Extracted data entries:
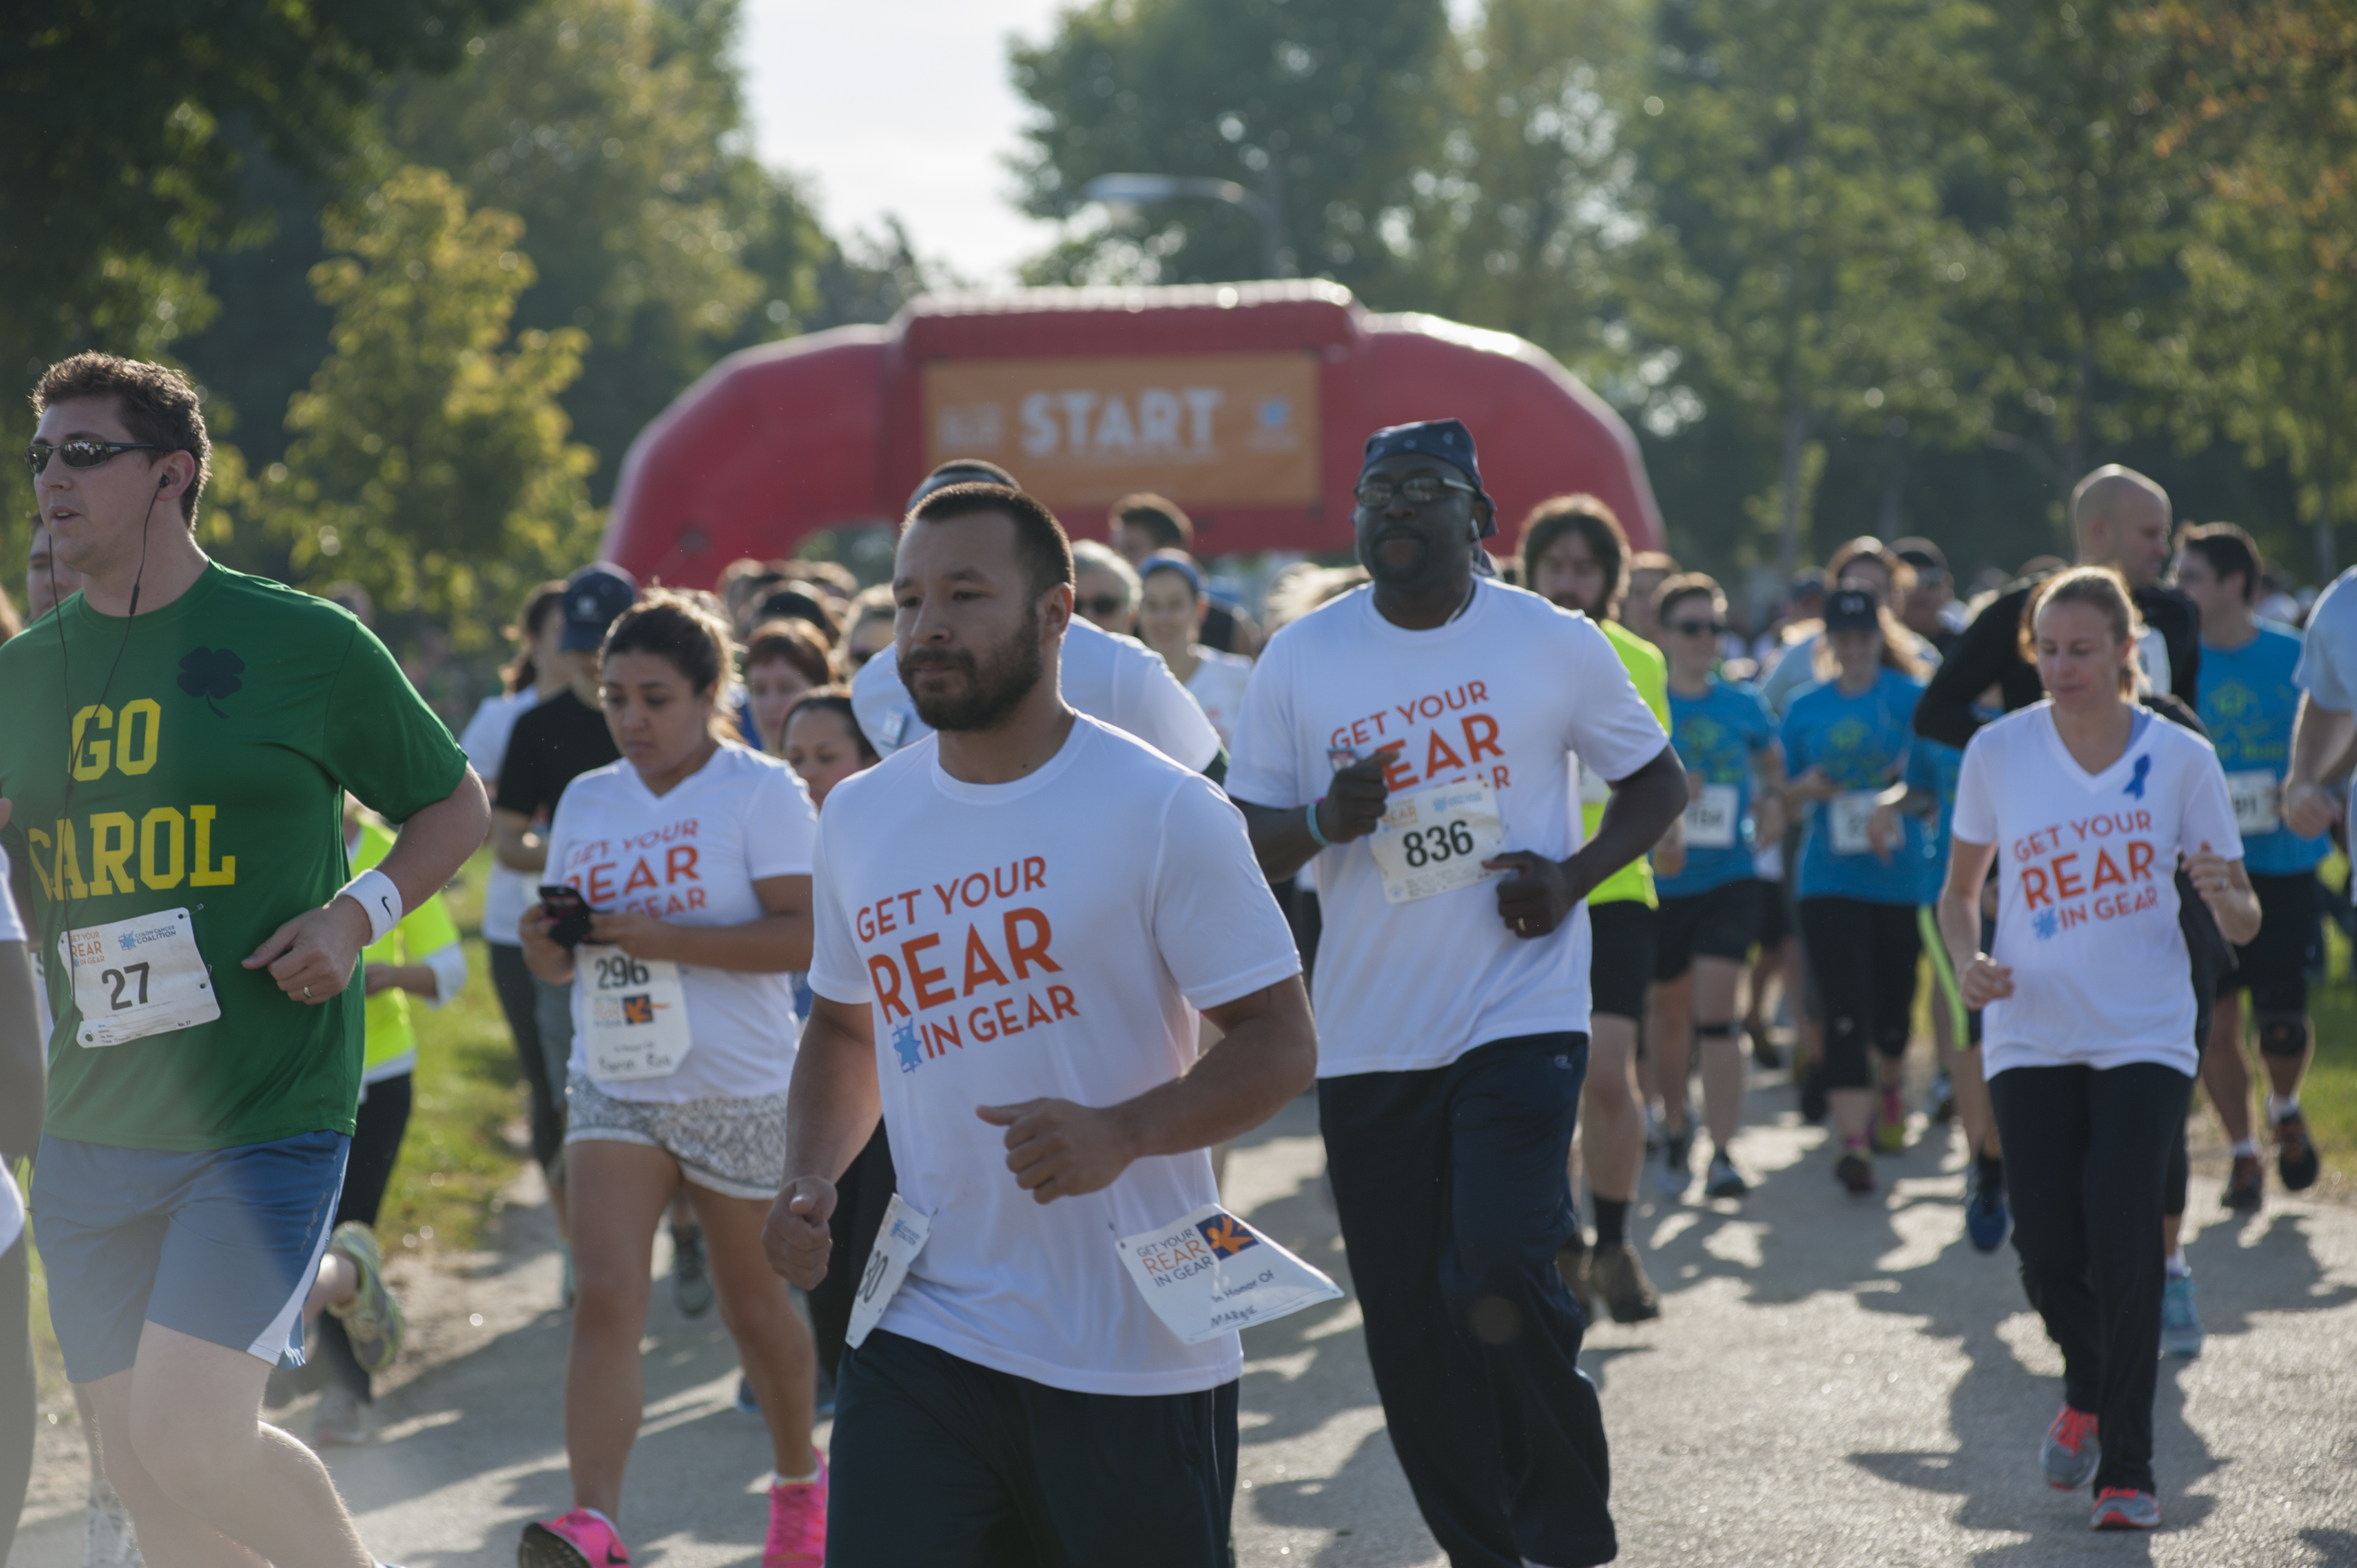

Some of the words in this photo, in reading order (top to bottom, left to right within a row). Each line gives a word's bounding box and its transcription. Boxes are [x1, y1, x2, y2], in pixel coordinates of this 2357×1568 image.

[1020, 387, 1223, 458] START
[1331, 711, 1387, 748] GET
[1396, 681, 1489, 726] YOUR
[68, 698, 162, 782] GO
[1373, 713, 1505, 793] EAR
[622, 817, 698, 851] YOUR
[1403, 819, 1474, 868] 836
[2014, 823, 2061, 862] GET
[2070, 809, 2152, 842] YOUR
[2021, 840, 2155, 911] REAR
[856, 889, 922, 943] GET
[933, 855, 1047, 916] YOUR
[2059, 902, 2088, 931] IN
[2093, 885, 2158, 921] GEAR
[71, 941, 103, 958] REAR
[83, 931, 100, 941] YOUR
[135, 930, 153, 938] COLON
[153, 925, 175, 934] CANCER
[137, 930, 177, 944] COALITION
[87, 955, 105, 964] GEAR
[595, 955, 650, 990] 296
[866, 907, 1064, 1026] REAR
[101, 961, 150, 1011] 27
[919, 1014, 964, 1060] IN
[967, 984, 1081, 1043] GEAR
[1136, 1242, 1159, 1258] GET
[1160, 1228, 1196, 1251] YOUR
[1141, 1239, 1208, 1276] REAR
[1152, 1273, 1172, 1288] IN
[1172, 1255, 1214, 1281] GEAR
[1223, 1280, 1257, 1299] Honor
[1258, 1268, 1275, 1283] Of
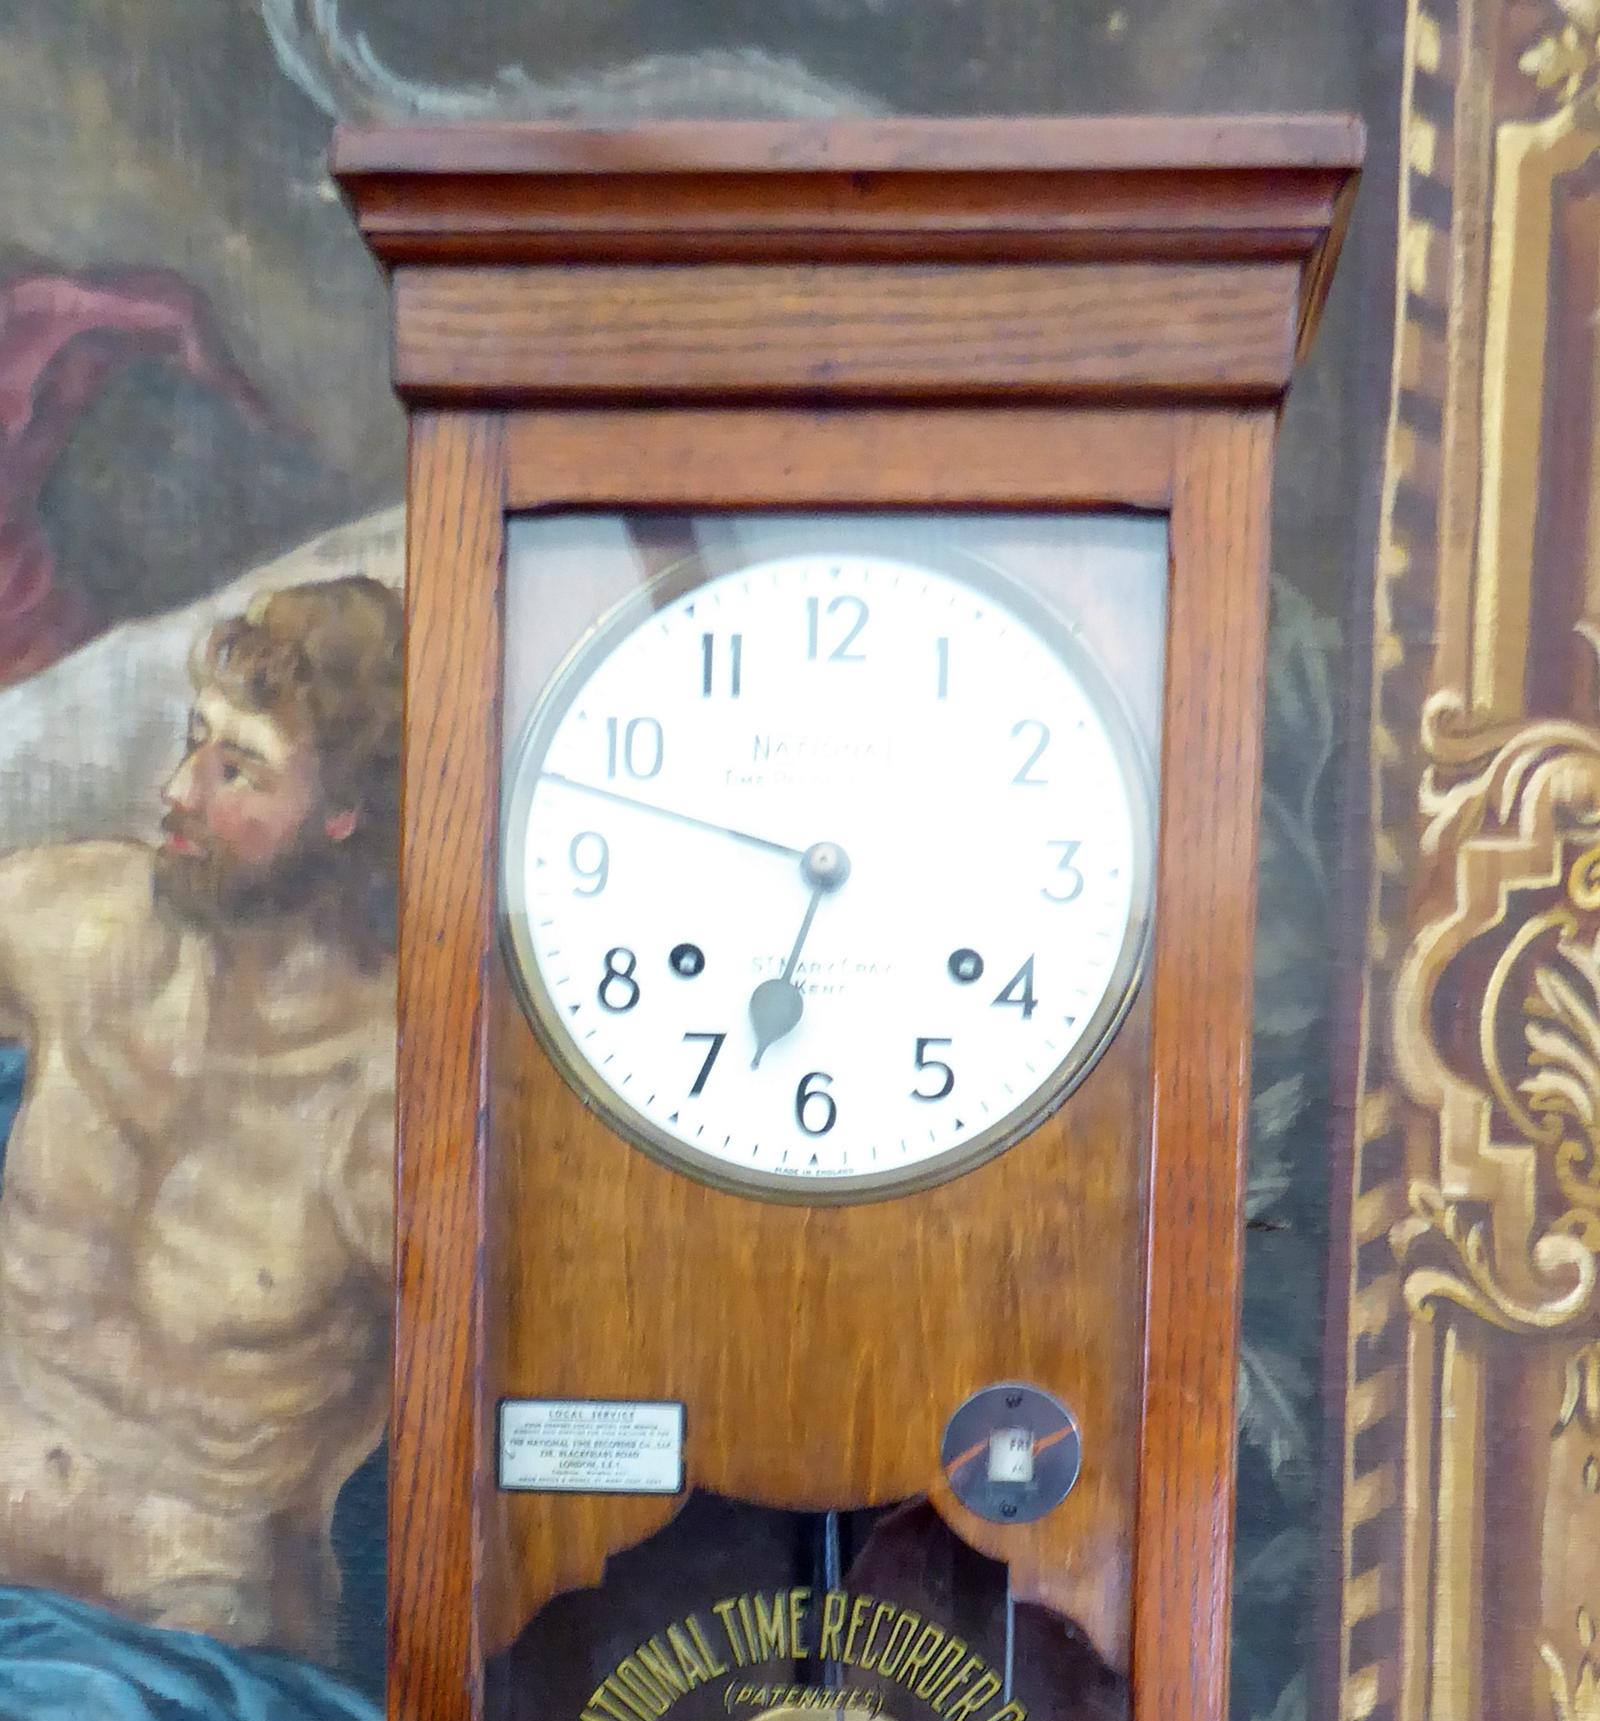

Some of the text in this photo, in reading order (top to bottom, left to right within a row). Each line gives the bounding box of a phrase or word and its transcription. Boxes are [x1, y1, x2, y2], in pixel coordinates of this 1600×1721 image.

[804, 593, 871, 663] 12
[700, 632, 744, 699] 11
[936, 636, 950, 700] 1
[605, 715, 666, 781] 10
[1008, 718, 1052, 786] 2
[568, 830, 611, 898] 9
[1040, 839, 1086, 903] 3
[596, 945, 642, 1015] 8
[990, 952, 1040, 1021] 4
[681, 1031, 728, 1099] 7
[908, 1037, 955, 1102] 5
[794, 1071, 838, 1137] 6
[712, 1585, 812, 1668] TIME
[723, 1680, 885, 1721] (PATENTEES)
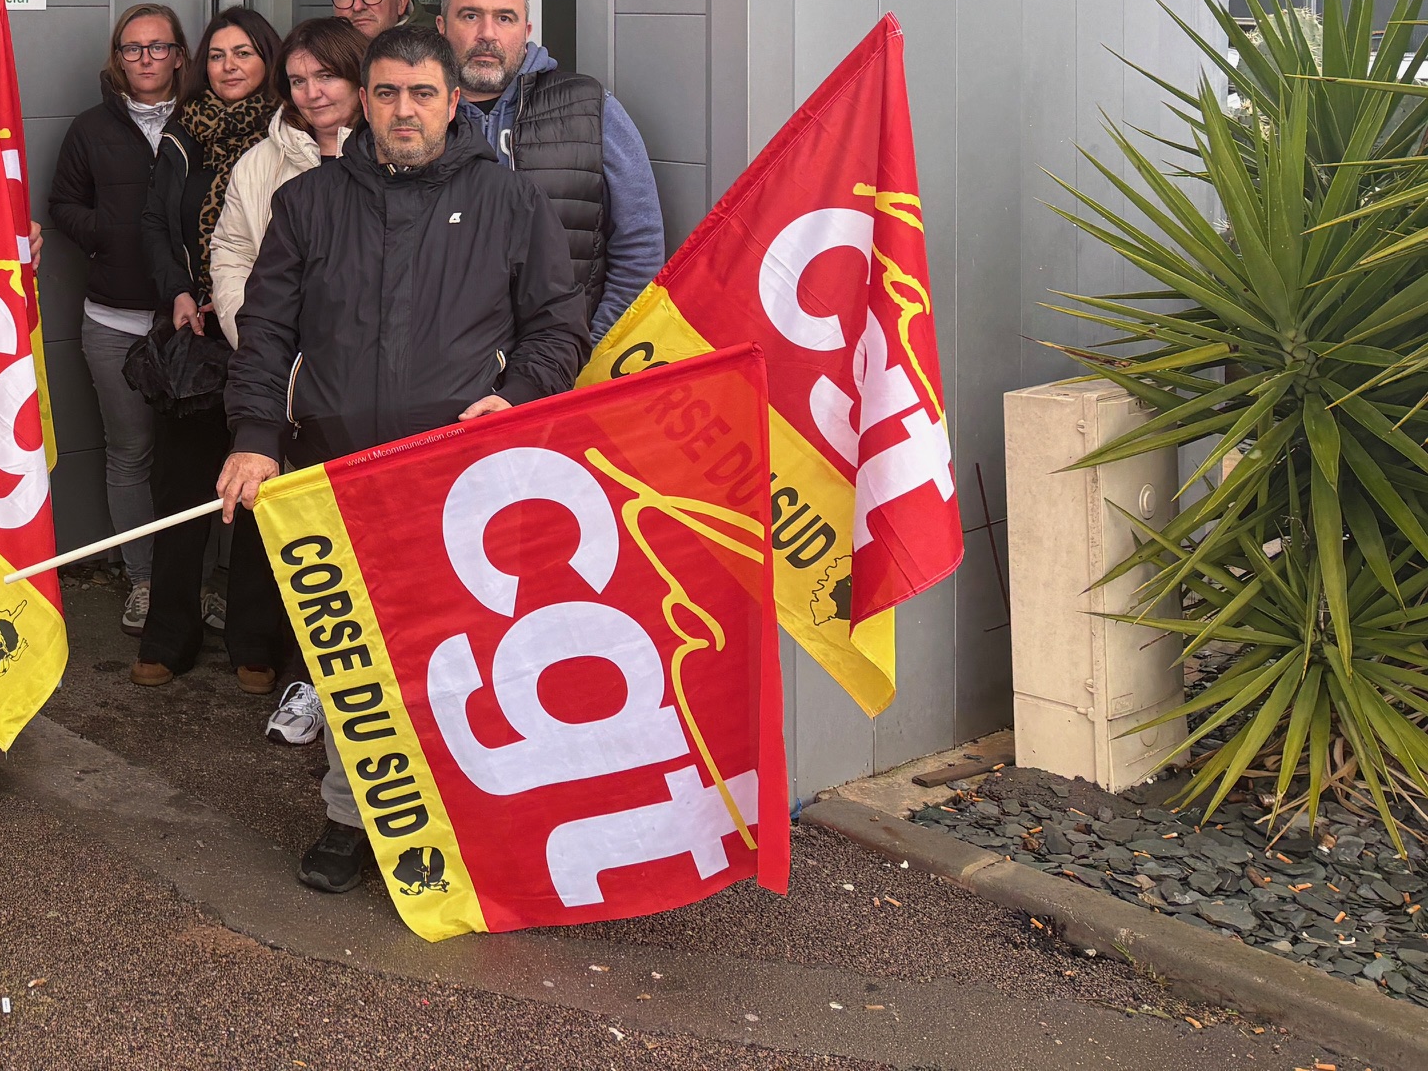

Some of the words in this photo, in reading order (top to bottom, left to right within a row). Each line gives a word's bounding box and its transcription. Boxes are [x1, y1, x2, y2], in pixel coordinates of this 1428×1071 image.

[346, 426, 466, 467] www.LMcommunication.com
[610, 341, 732, 464] CRSE
[754, 486, 837, 569] SUD
[279, 534, 372, 677] CORSE
[330, 682, 397, 743] DU
[426, 446, 759, 909] cgt
[355, 751, 430, 839] SUD

=== Task description ===
Beginning with the line that contains "this 1428×1071 image.", quote each line exactly through the last line of the entries above, and nothing beyond them.

=== Answer for this exercise ===
Some of the words in this photo, in reading order (top to bottom, left to right within a row). Each line gives a word's bounding box and its transcription. Boxes are [x1, y1, x2, y2], in pixel coordinates of this 1428×1071 image.

[346, 426, 466, 467] www.LMcommunication.com
[610, 341, 732, 464] CRSE
[754, 486, 837, 569] SUD
[279, 534, 372, 677] CORSE
[330, 682, 397, 743] DU
[426, 446, 759, 909] cgt
[355, 751, 430, 839] SUD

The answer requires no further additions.